To do =>
Could the data below please be reproduced word for word, without the pictures?
BEGIN Data listing
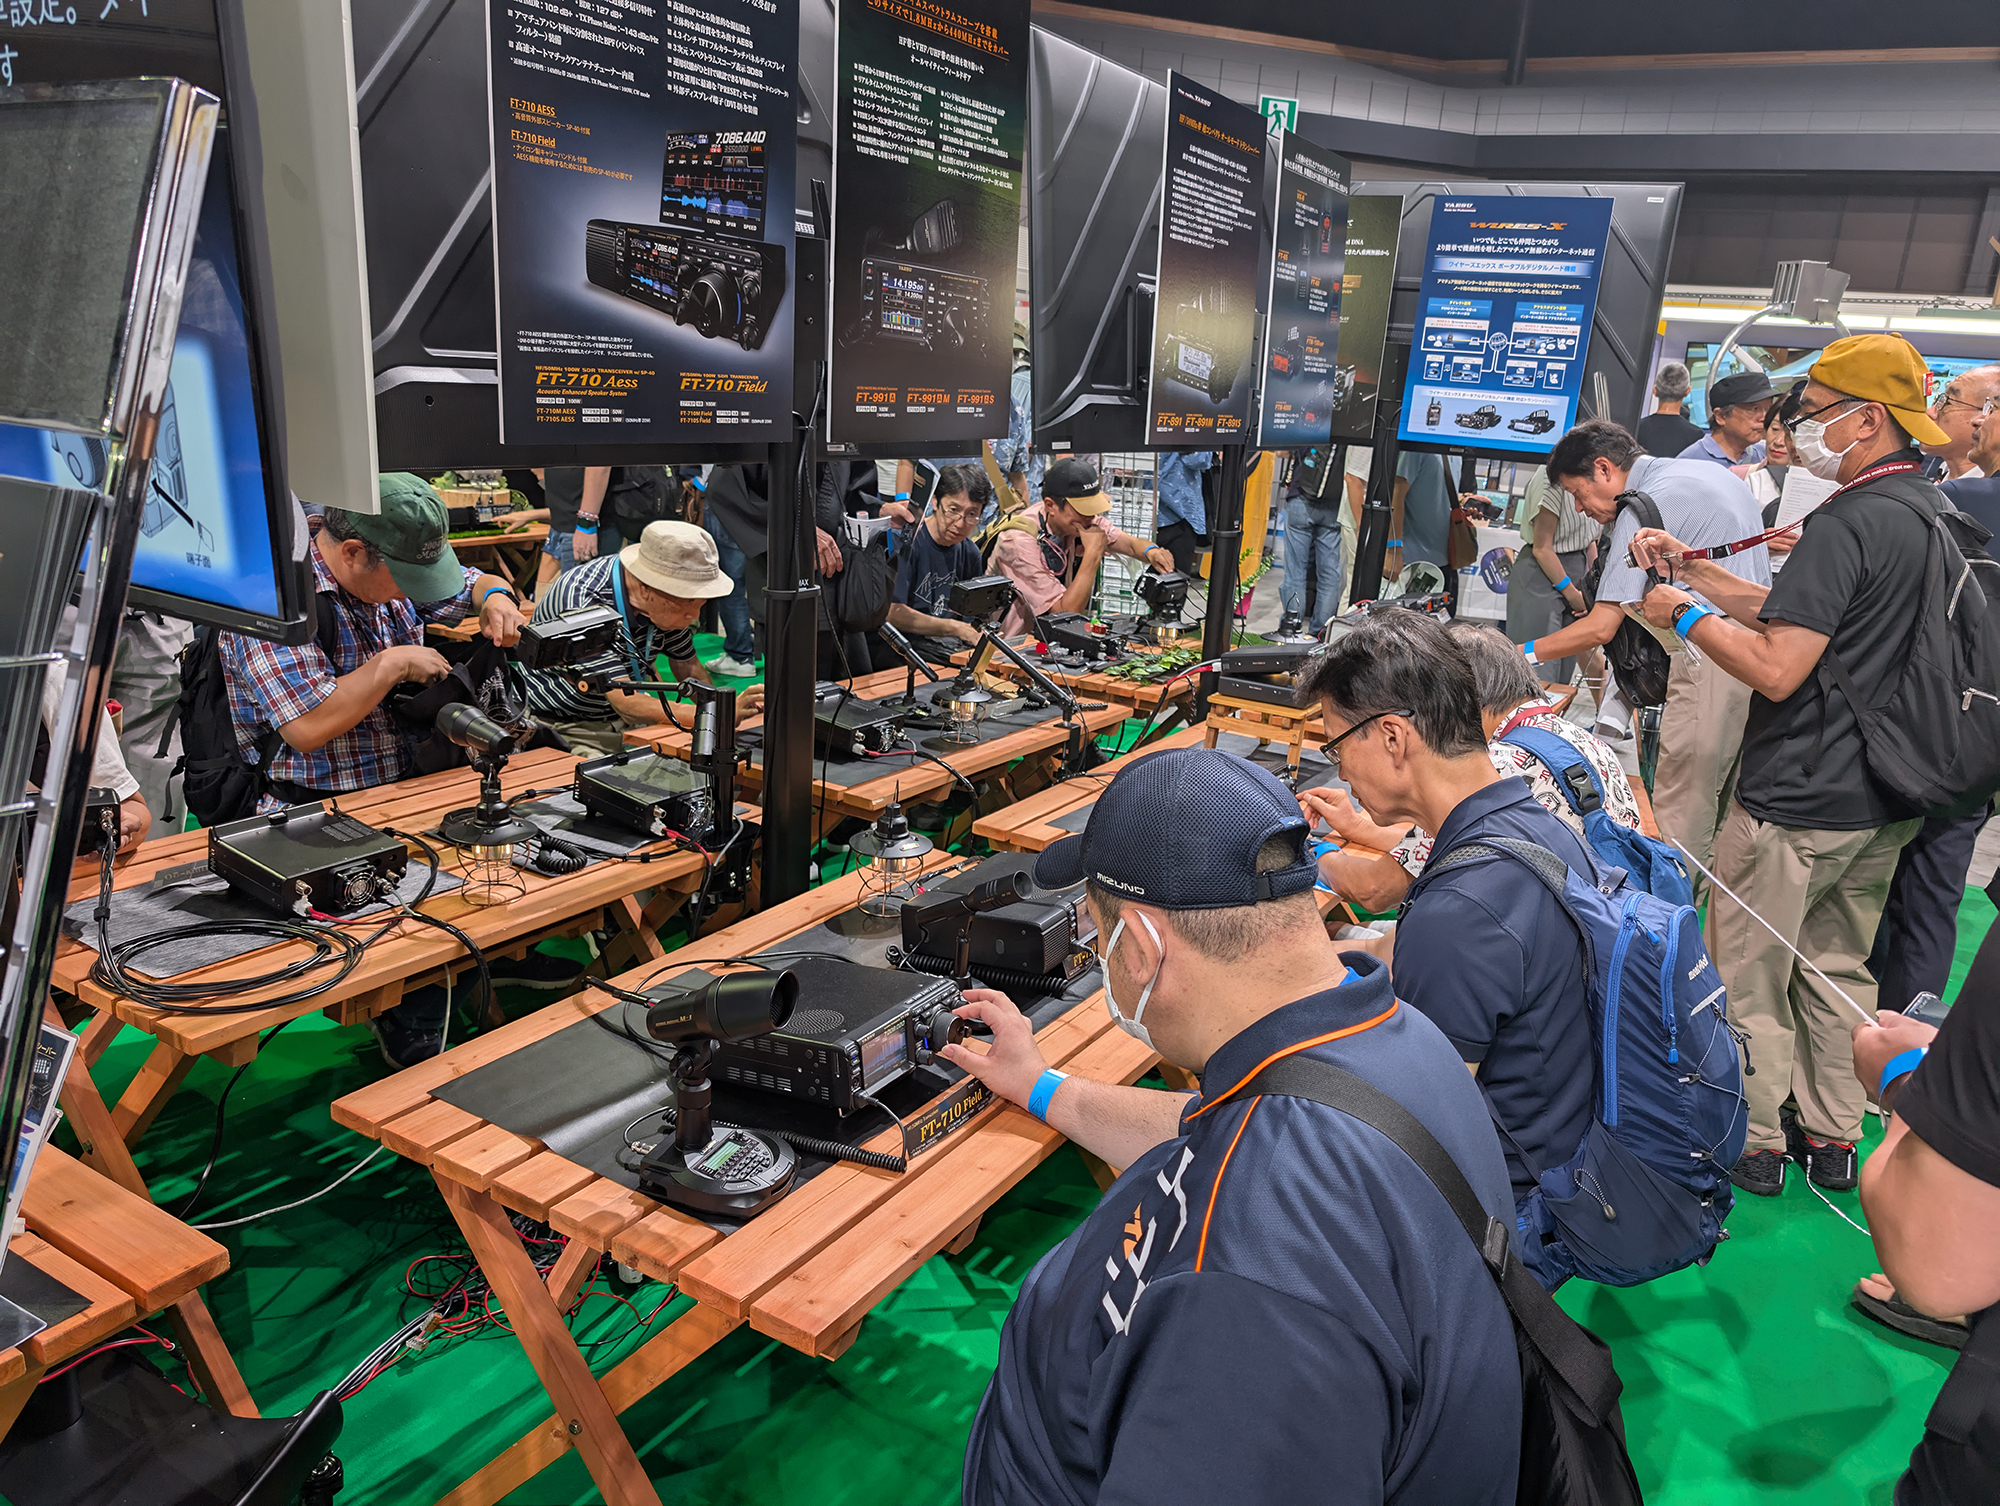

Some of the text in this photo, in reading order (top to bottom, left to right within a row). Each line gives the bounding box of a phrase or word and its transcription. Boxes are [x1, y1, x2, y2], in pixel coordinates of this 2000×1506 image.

[510, 98, 556, 117] FT-710 AESS
[511, 129, 556, 148] FT-710 Field
[715, 131, 767, 145] 7.086.440
[1470, 222, 1568, 230] WIRES-X
[1473, 237, 1559, 246] いつでも、どこでも仲間とつながる
[1449, 261, 1576, 273] ワイヤーズエックス ポータブルデジタルノード機能
[536, 372, 639, 388] FT-710 Aess
[680, 377, 769, 393] FT-710 Field
[562, 388, 587, 396] Enhanced
[588, 389, 609, 397] Speaker
[856, 392, 896, 403] FT-991A
[907, 393, 950, 403] FT-991AM
[536, 416, 561, 424] FT-710S
[561, 416, 575, 424] AESS
[1157, 416, 1182, 426] FT-891
[186, 552, 211, 568] 端子面
[1097, 872, 1145, 895] MIZUNO
[920, 1102, 962, 1143] FT-710
[963, 1088, 983, 1113] Field
END Data listing
Answer for this exercise =>
Some of the text in this photo, in reading order (top to bottom, left to right within a row). Each line gives the bounding box of a phrase or word and its transcription. Boxes are [x1, y1, x2, y2], in pixel coordinates of this 2000×1506 image.

[510, 98, 556, 117] FT-710 AESS
[511, 129, 556, 148] FT-710 Field
[715, 131, 767, 145] 7.086.440
[1470, 222, 1568, 230] WIRES-X
[1473, 237, 1559, 246] いつでも、どこでも仲間とつながる
[1449, 261, 1576, 273] ワイヤーズエックス ポータブルデジタルノード機能
[536, 372, 639, 388] FT-710 Aess
[680, 377, 769, 393] FT-710 Field
[562, 388, 587, 396] Enhanced
[588, 389, 609, 397] Speaker
[856, 392, 896, 403] FT-991A
[907, 393, 950, 403] FT-991AM
[536, 416, 561, 424] FT-710S
[561, 416, 575, 424] AESS
[1157, 416, 1182, 426] FT-891
[186, 552, 211, 568] 端子面
[1097, 872, 1145, 895] MIZUNO
[920, 1102, 962, 1143] FT-710
[963, 1088, 983, 1113] Field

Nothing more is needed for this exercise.